Marriage, it’s like riding a bike

Today marks my one-year wedding anniversary. Well, technically, it’s my one-year marriage anniversary, because for me, a wedding and a marriage were two very separate events that happened about 10 months apart.

Married in China-1

The Diploman and I got married in Guangzhou’s Civil Affairs Bureau No. 3 last June. As is part of the story we both tell today, we had to rush to dragon boat practice afterwards, and because the translator had taken so long with our documents, neither of us remembers very clearly exactly what vows were read.

oops.

I’ve learned a lot about myself this past year, and a lot more about this relationship that I thought I knew so well already. Marrying someone is like riding a bike. I know, I know, they say everything is like riding a bike these days, and in the end only riding a bike is like riding a bike. But hear me out.

Married in China-2

You’re on training wheels for what seems like forever, and finally one day, after you’ve thought about it for awhile, you take them off. You ride. omgeveryonelookatmeimriding!

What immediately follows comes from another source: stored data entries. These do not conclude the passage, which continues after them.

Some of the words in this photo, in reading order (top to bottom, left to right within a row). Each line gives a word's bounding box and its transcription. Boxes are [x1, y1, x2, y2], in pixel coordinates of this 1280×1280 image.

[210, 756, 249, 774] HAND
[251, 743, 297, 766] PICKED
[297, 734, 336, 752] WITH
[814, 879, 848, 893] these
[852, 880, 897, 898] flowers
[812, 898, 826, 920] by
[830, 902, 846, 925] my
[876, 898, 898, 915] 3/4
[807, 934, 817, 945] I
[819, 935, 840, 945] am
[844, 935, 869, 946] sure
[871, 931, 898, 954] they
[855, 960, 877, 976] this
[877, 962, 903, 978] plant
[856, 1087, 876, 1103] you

It’s new and exhilarating when you’re on two wheels. You fall off, a lot, at first. There’s some skinned knees and some scratched elbows. There’s a lot of bruised egos, a lot of figuring out what exactly is the best approach to stay on course. There’s a lot of wobblying around, but then you find the payoffs are huge. You get to go fast, you get to be free. Most of the time it’s great, but then you’re reminded that it really sucks when you fall. And there’s never an easy fall, mind you – there’s always pavement and gravel stuck in your skin and ooof, it’s so hard.

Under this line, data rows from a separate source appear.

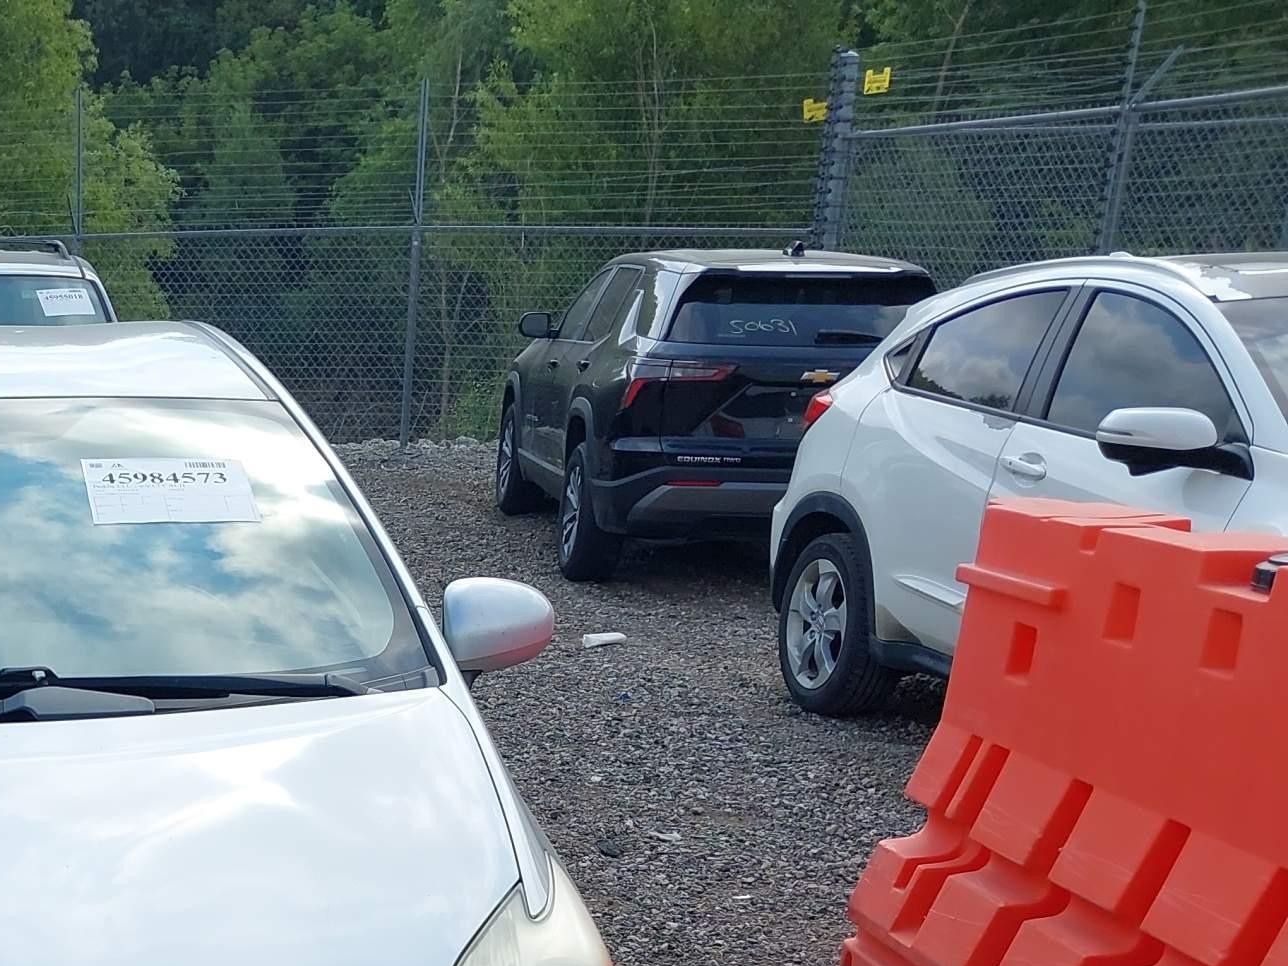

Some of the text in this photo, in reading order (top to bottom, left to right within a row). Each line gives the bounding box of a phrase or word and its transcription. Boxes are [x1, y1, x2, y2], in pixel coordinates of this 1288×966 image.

[729, 318, 797, 335] 50631
[677, 455, 722, 463] EQUINOX
[102, 472, 227, 484] 45984573
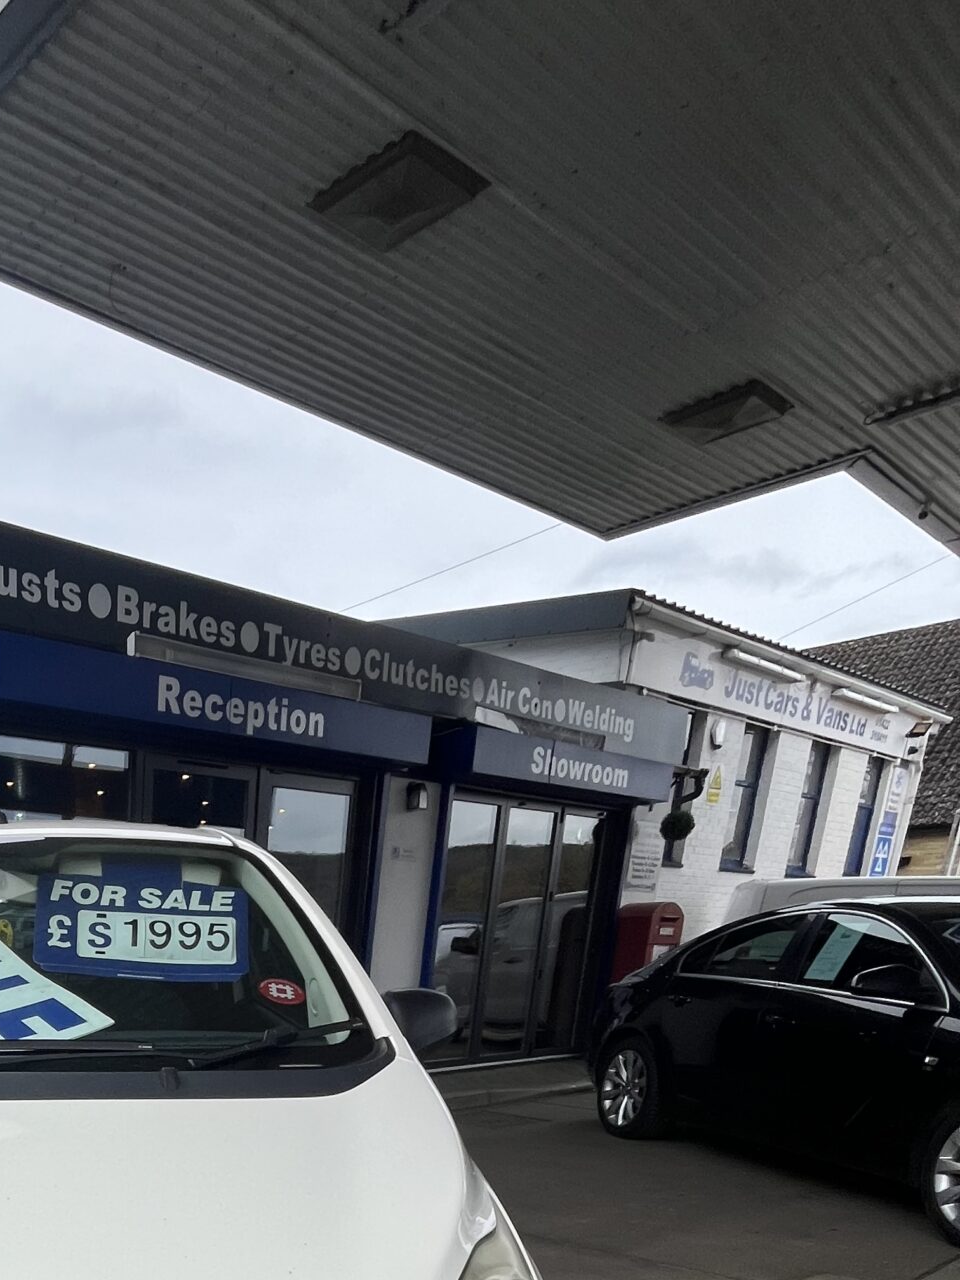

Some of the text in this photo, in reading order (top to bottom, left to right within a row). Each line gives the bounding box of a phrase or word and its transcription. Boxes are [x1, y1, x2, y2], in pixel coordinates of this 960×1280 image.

[116, 584, 236, 648] Brakes
[263, 622, 341, 671] Tyres
[364, 648, 470, 699] Clutches
[486, 678, 515, 710] Air
[518, 687, 552, 722] Con
[568, 699, 635, 743] Welding
[157, 675, 325, 738] Reception
[724, 671, 765, 708] Just
[764, 681, 798, 718] Cars
[800, 693, 813, 721] &
[816, 699, 850, 732] Vans
[849, 718, 869, 738] Ltd
[531, 746, 629, 788] Showroom
[50, 879, 235, 912] FOR SALE

But you and your bike, your trusty bike, it takes you places. It takes you on adventures. Sometimes down a wrong turn or two, but somehow you always end up at home. You get to know how it moves, you push its limits, you find new friends because of your bike. Your horizons are expanded, you can see more of the world, and you start to understand new things. Because you know how to ride a bike, you know you can do other things, as well.

The diploman has had his bike since he was sixteen – it’s his trusty (and rusty) yellow Diamondback mountain bike. One of the pedal straps is missing, there’s a lot of paint scratched, he wore through the brake cables this past year, and in the end, he’s really the only one that can ride it because he knows exactly how it works.

Married in China-3

I can only hope that, if bike years are converted to human years, he’ll keep me around just as long.